Balanced eating goes together with clean eating because ‘you can have too much of a good thing’. Balance has to do with managing the amount of ‘macronutrients’ in your diet and on your plate. A ‘balanced plate’, if you were looking from above, might consist of 50% fruit or vegetables, 25% starchy foods (like grains and root vegetables) and 25% protein.
Macronutrients include carbohydrates, fats and proteins. Many trendy diets base their recommendations on modifying macronutrient intake or portions. What are these macronutrients?

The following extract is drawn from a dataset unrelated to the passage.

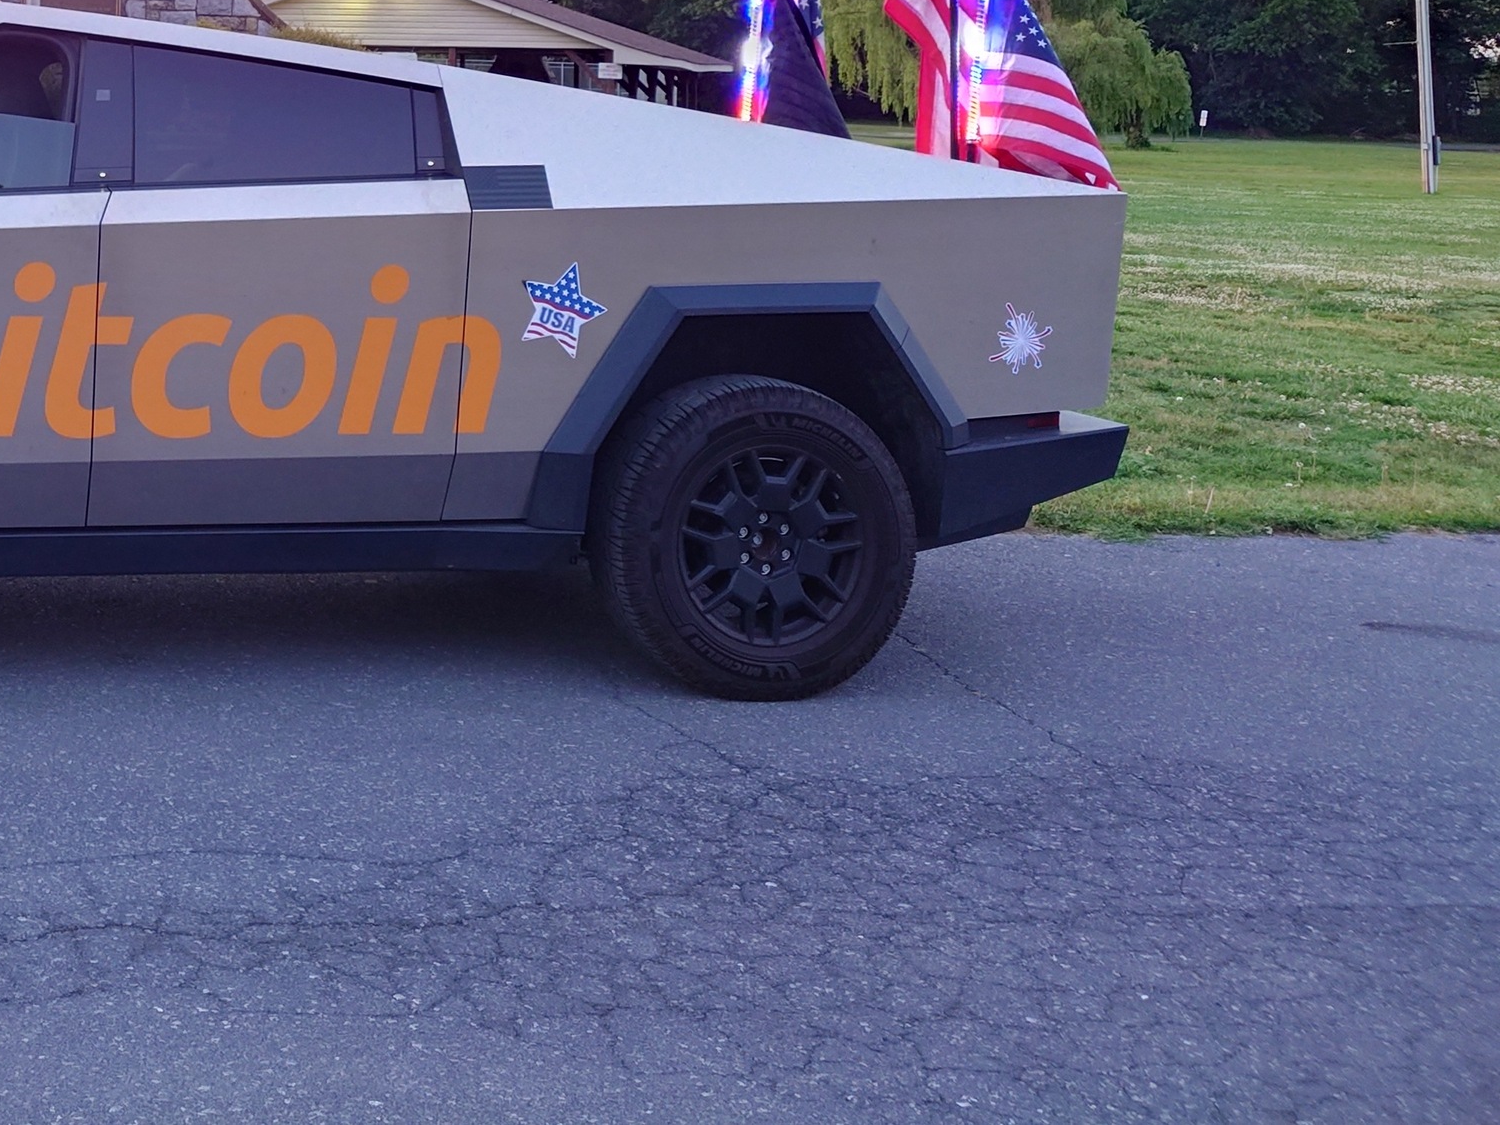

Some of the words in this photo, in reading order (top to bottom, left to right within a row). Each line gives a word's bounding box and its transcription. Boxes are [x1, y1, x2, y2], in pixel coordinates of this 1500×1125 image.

[539, 306, 576, 334] USA
[791, 416, 863, 459] MICHELIN
[689, 636, 764, 677] MICHELIN

Carbohydrates (Fruits, Vegetables, Grains, Beans!) are a main fuel source and nutrient source for the body. They are the exclusive fuel source for the brain. Carbohydrates provide food for our delicate microbiome (gut bacteria) that perform many crucial functions. The fibers found in most carbohydrates help to aid in detoxification through binding fats and toxins and through improving the quality of elimination (pooping!)
Proteins (Meats, Fish, Beans, Dairy, Eggs ) form the backbone of important hormones. They play a role in important functions such as the formation of your hemoglobin (your blood), thyroid hormone (your internal thermostat) and insulin production (your internal sugar control). Proteins also literally build your muscle, connective tissues etc.
Protein deficiency can result in grey, dull skin, acne, hair loss, hair thinning, poor concentration, low energy, fatigue and easy bruising. Proteins break down/provide amino acids that are crucial to many functions including detoxification and metabolism.
Functions of Proteins:
Fats (Animal Protein, Fish, Eggs, Avocados, Nuts and Seeds, Vegetable Oils) help to form the cell membranes in your body – especially in the nervous system. They help with cellular communication. A deficiency in fats can affect mood, mental clarity, aggravate pre existing mental health conditions or autoimmune conditions.
Fats are precursors to sex steroid hormones that are precursors to estrogen, progesterone, cortisol. A deficiency in fats affect the menstrual cycle, fertility, menopausal symptoms, acne, libido and stress response.
Fats provide an alternative fuel source that is efficient.
Fats/Carry supply important vitamins such as Vitamin D, E, K, A.
Functions of Fats:
How do I Manage my Macronutrients to Live a Long and Healthy Life?
Consuming a diet low in carbohydrates is particularly popular right now as a method for managing healthy weight loss, high blood pressure and blood sugar control or ‘metabolic syndrome’. This approach is tempting because it often helps. However, as you can see from above, carbohydrates serve an important function in our body and should not be restricted over long periods of time in most people.
Much of the evidence points to the long-term health benefits of a Mediterranean Diet or a ‘Cardio Metabolic Diet’ for metabolic syndrome.
This Mediterranean Diet is a holistic diet with wide ranging health benefits. It focuses on daily consumption of vegetables, fruits, whole grains, and healthy fats, with the occasional addition of fish and poultry throughout the week. The recommended macronutrient ratio is 50% Carbs; 30% Fats; 20% Protein.
While a Cardio-metabolic diet is similar, the macronutrient ratios are closer to 40% Carbs; 30% Fats; 30% Protein.
Key healthy foods to eat: Copious amounts of vegetables and moderate amounts of fruit, in addition to whole grains, beans, nuts, and seeds. Fish, lean meat and poultry, are eaten in moderation. Fresh fruit is the typical daily dessert and olive oil is the primary source of fat.
Key foods to avoid: Fried foods, hydrogenated oils, refined carbohydrates or baked goods beverages with added sugar or sweeteners, and fatty, processed meats.
Both diets are safe and effective at promoting long term health, the Cardio-Metabolic Diet is probably most successful with long-term management of metabolic syndrome.
Expert Tip: The best way to manage macronutrients is to download an app that tracks macronutrients and can keep you on track. If you are not tech savvy, following the ‘balanced plates’ approach is the best way to approximate a balanced macronutrient and longevity diet.